YOUR INSTRUCTIONS: Without including any images, repeat the listing below exactly.

- - - - -

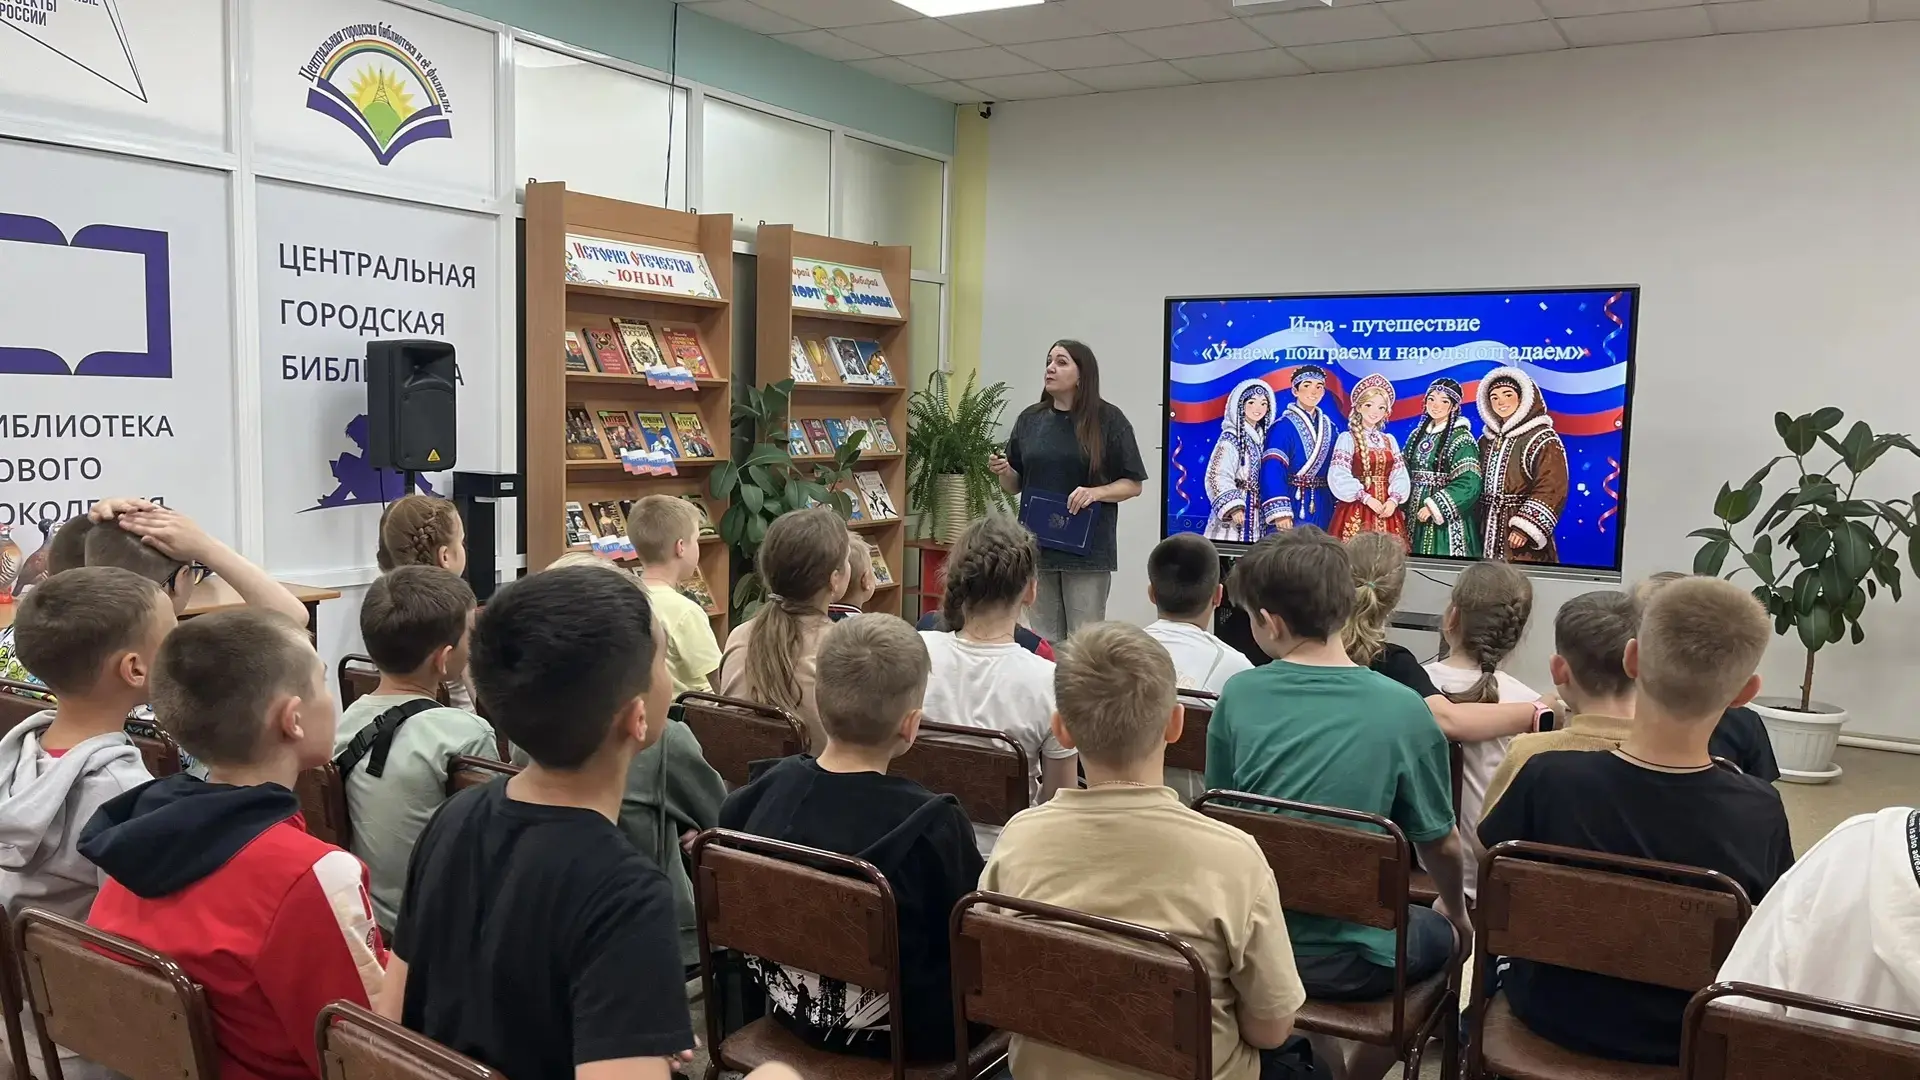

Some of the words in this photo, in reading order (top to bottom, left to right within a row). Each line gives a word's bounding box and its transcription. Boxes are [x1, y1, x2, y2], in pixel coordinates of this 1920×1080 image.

[0, 2, 46, 26] РОССИИ
[298, 31, 345, 83] Центральная
[342, 23, 377, 42] городская
[378, 21, 417, 56] библиотека
[427, 68, 453, 114] филиалы
[279, 243, 476, 289] ЦЕНТРАЛЬНАЯ
[281, 299, 445, 337] ГОРОДСКАЯ
[1289, 316, 1335, 337] Игра
[1352, 318, 1481, 337] путешествие
[1202, 343, 1280, 363] «Узнаем,
[1285, 346, 1373, 364] поиграем
[1378, 347, 1391, 360] и
[1395, 346, 1469, 365] народы
[0, 457, 102, 482] ОВОГО
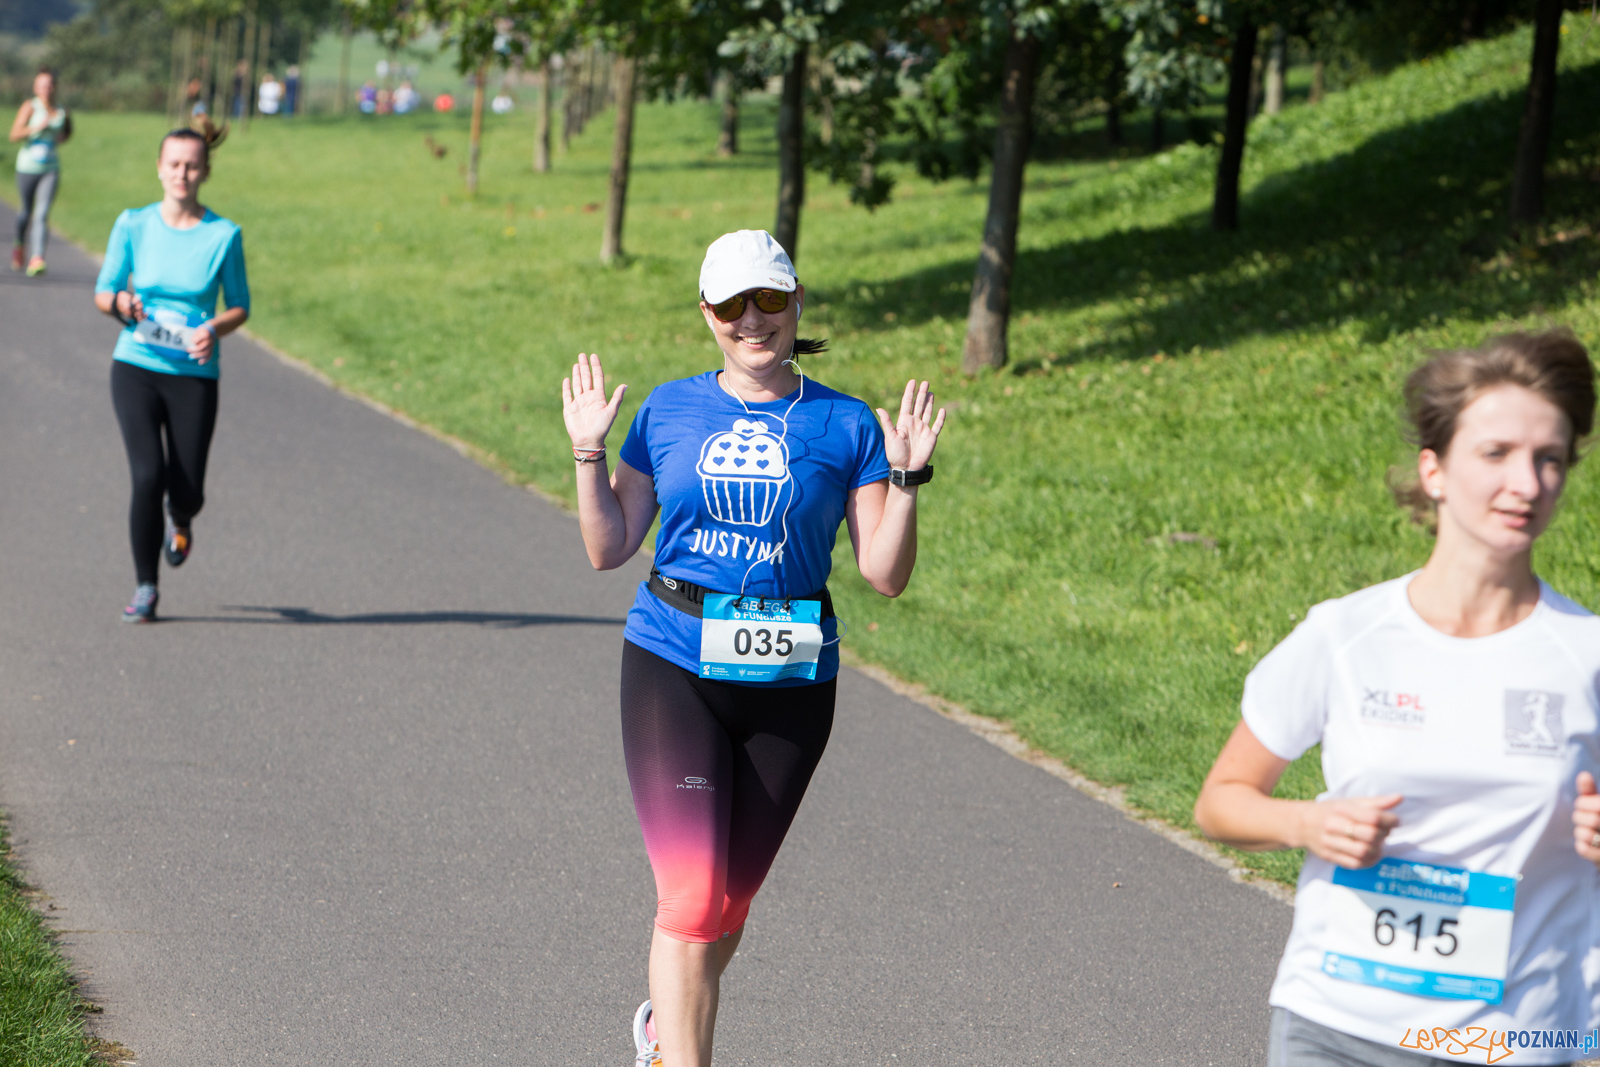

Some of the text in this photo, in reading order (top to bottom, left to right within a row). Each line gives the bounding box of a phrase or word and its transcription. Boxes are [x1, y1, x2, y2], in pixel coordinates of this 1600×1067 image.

[689, 528, 784, 565] JUSTYNA
[734, 628, 793, 656] 035
[1374, 909, 1459, 956] 615
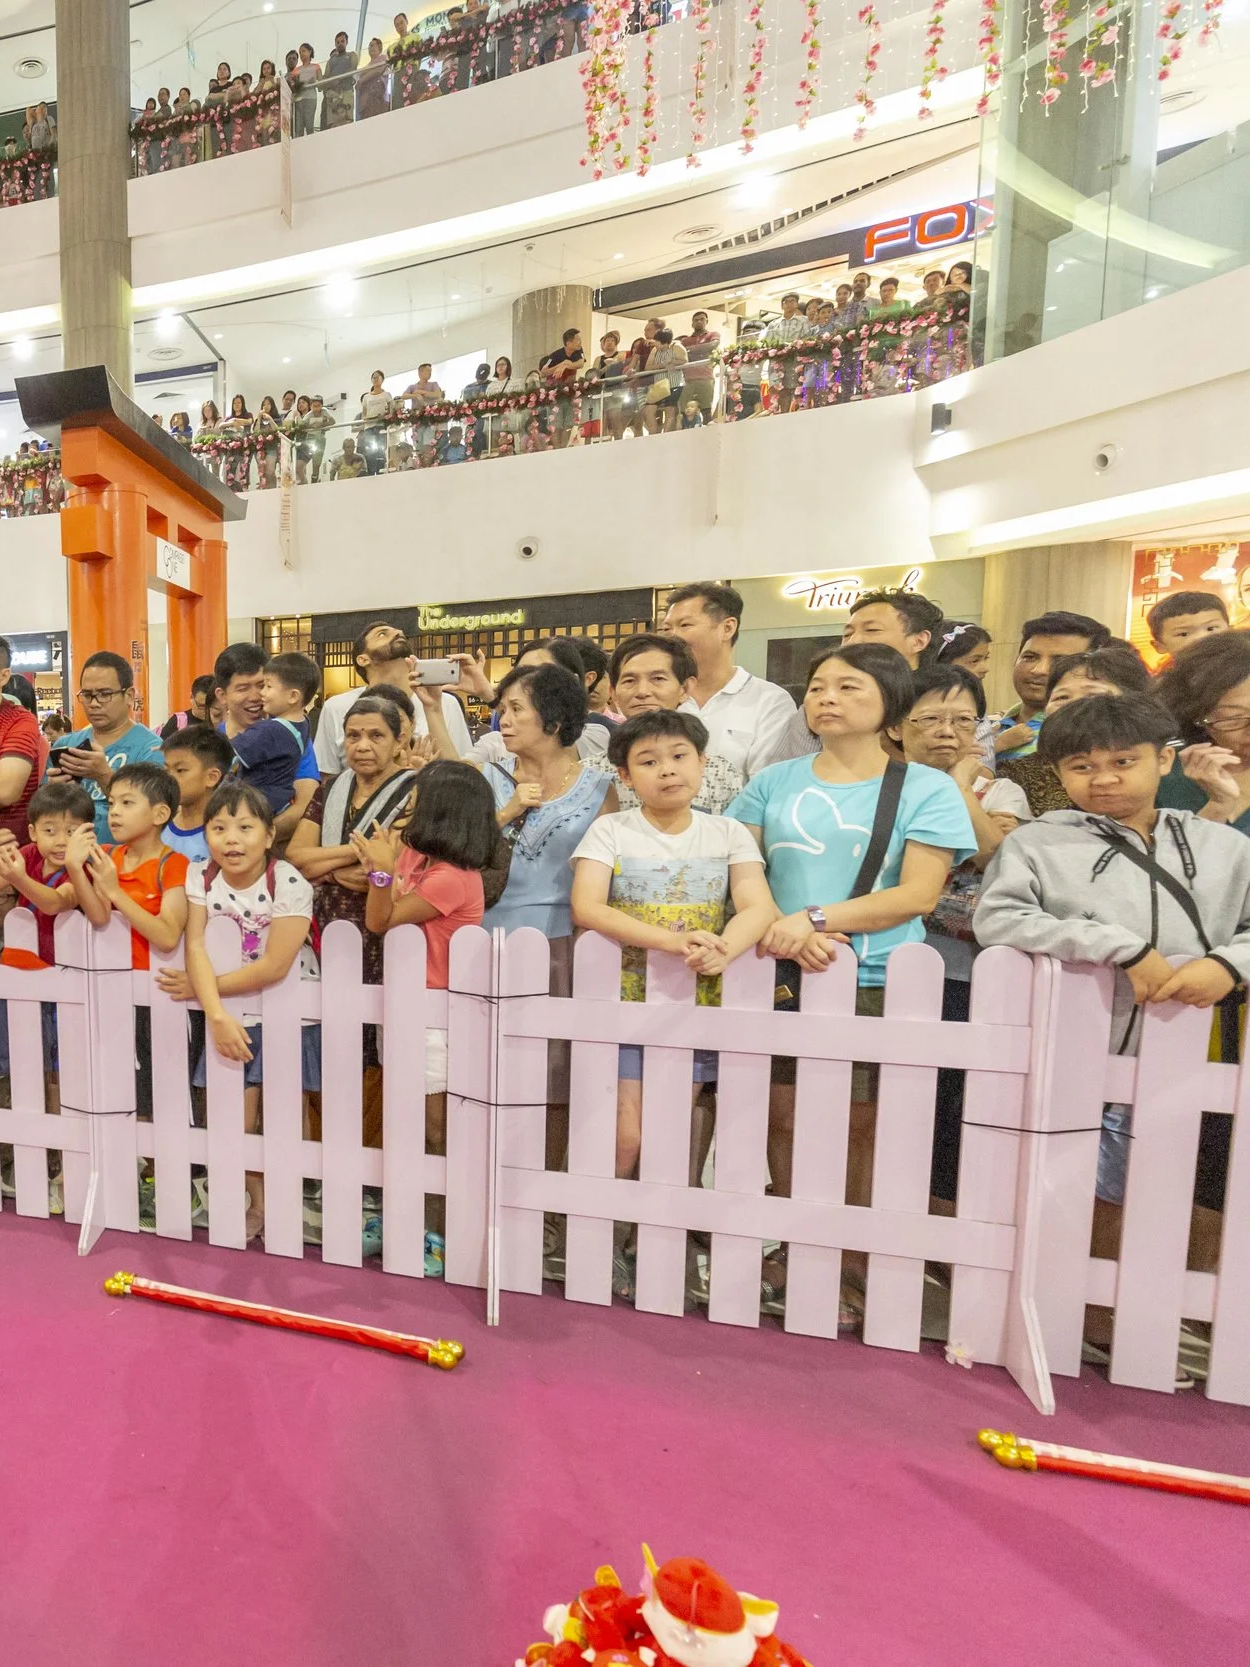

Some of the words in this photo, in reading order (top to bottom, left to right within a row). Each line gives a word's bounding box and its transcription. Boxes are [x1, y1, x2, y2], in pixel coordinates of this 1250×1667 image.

- - - - -

EXERCISE SOLUTION:
Some of the words in this photo, in reading order (top to bottom, left to right within a row). Each line gives a word's bounding box and its transcription. Boxes are [x1, y1, x2, y2], in pixel coordinates of this 1920×1080 image.

[0, 2, 46, 26] РОССИИ
[298, 31, 345, 83] Центральная
[342, 23, 377, 42] городская
[378, 21, 417, 56] библиотека
[427, 68, 453, 114] филиалы
[279, 243, 476, 289] ЦЕНТРАЛЬНАЯ
[281, 299, 445, 337] ГОРОДСКАЯ
[1289, 316, 1335, 337] Игра
[1352, 318, 1481, 337] путешествие
[1202, 343, 1280, 363] «Узнаем,
[1285, 346, 1373, 364] поиграем
[1378, 347, 1391, 360] и
[1395, 346, 1469, 365] народы
[0, 457, 102, 482] ОВОГО

Some of the text in this photo, in reading order (top to bottom, left to right within a row). Each line gives the bounding box of a phrase or word and its transcription. Boxes are [x1, y1, x2, y2], in pixel coordinates of this 1600×1067 image.

[689, 528, 784, 565] JUSTYNA
[734, 628, 793, 656] 035
[1374, 909, 1459, 956] 615

Some of the words in this photo, in reading order (top to bottom, left to right within a row). Each line gives a word's bounding box and its transcription. Boxes are [x1, y1, x2, y2], in pixel coordinates of this 1250×1667 image.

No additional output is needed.